The political left is now repeating that mistake as its cultural and political vanguard sends a message of condescension, hostility and now ostracism to anyone who voted for Mr. Trump or has worked with or for him for the good of the country. Their relentless contempt might end up re-electing him.
On that score don’t underestimate how the refusal by a restaurant in Lexington, Virginia, to serve White House press secretary Sarah Huckabee Sanders will resonate politically.
. . .
Rest assured every Trump supporter in America will be reminded of this episode from here to November. The message: Now you’re so deplorable they won’t serve you in their restaurants.
The ejection of Sanders from the Red Hen follows less than a week upon the heckling of Homeland Security Secretary Kirstjen Neilson at a Mexican restaurant in D.C. The protestors later showed up at the front door of Ms. Nielsen's residence.
,In response, the New Yorker published an article headlined "The Absurdity of Trump Officials Eating at Mexican Restaurants During an Immigration Crisis."
No–not a parody, the New Yorker, long ago a byword for urban sophistication, really did publish such an article.

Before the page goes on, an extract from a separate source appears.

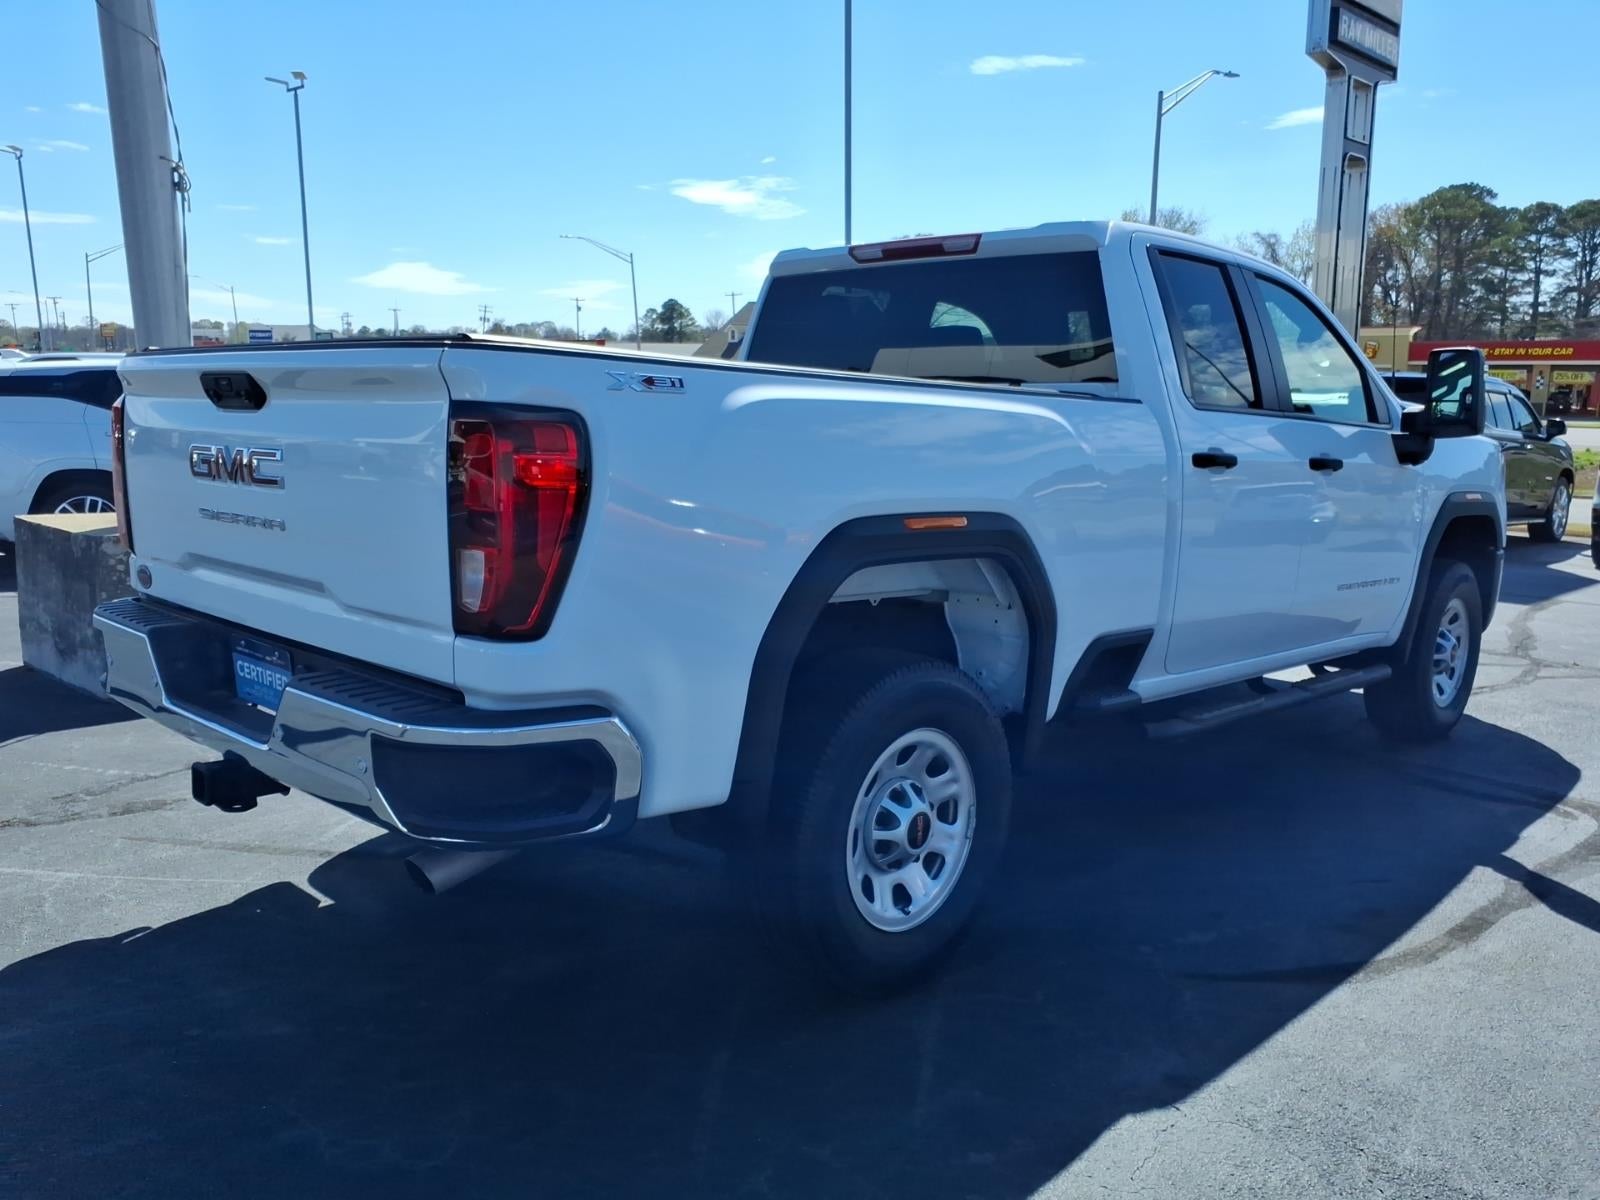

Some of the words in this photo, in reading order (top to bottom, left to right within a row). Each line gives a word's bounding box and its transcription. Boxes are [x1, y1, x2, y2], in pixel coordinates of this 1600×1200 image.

Meanwhile, California Rep. Maxine Waters is advocating escalation:
“If you see anybody from that Cabinet in a restaurant, in a department store, at a gasoline station, you get out and you create a crowd and you push back on them, and you tell them they’re not welcome anymore, anywhere.”
Of course, this state of affairs is dangerous, ugly, and, as the New Yorker shows, has descended into bathos.
It probably actually helps the president, but the stomach-churning qualities make daily life far less pleasant than it should be, even if we don't work for the Trump administration and can expect to eat in restaurants of our choice.
But it is distressing because it means we can no longer have a civil argument about a complicated issue such as immigration.
A lot of these high emotions and indignant stances are the result of demagoguery. There are politicians who believe they benefit from presenting the administration not as having different policies but as evil.
This was building at the end of the George W. Bush administration. He was a dignified man and not willing to fight back in quite the way the current president is.
The tone of Washington was unpleasant at the end of his administration, but now it is alarming.
I can think of only one other era in our history when animosity ran so high and indeed regarded as socially acceptable. It did not end well.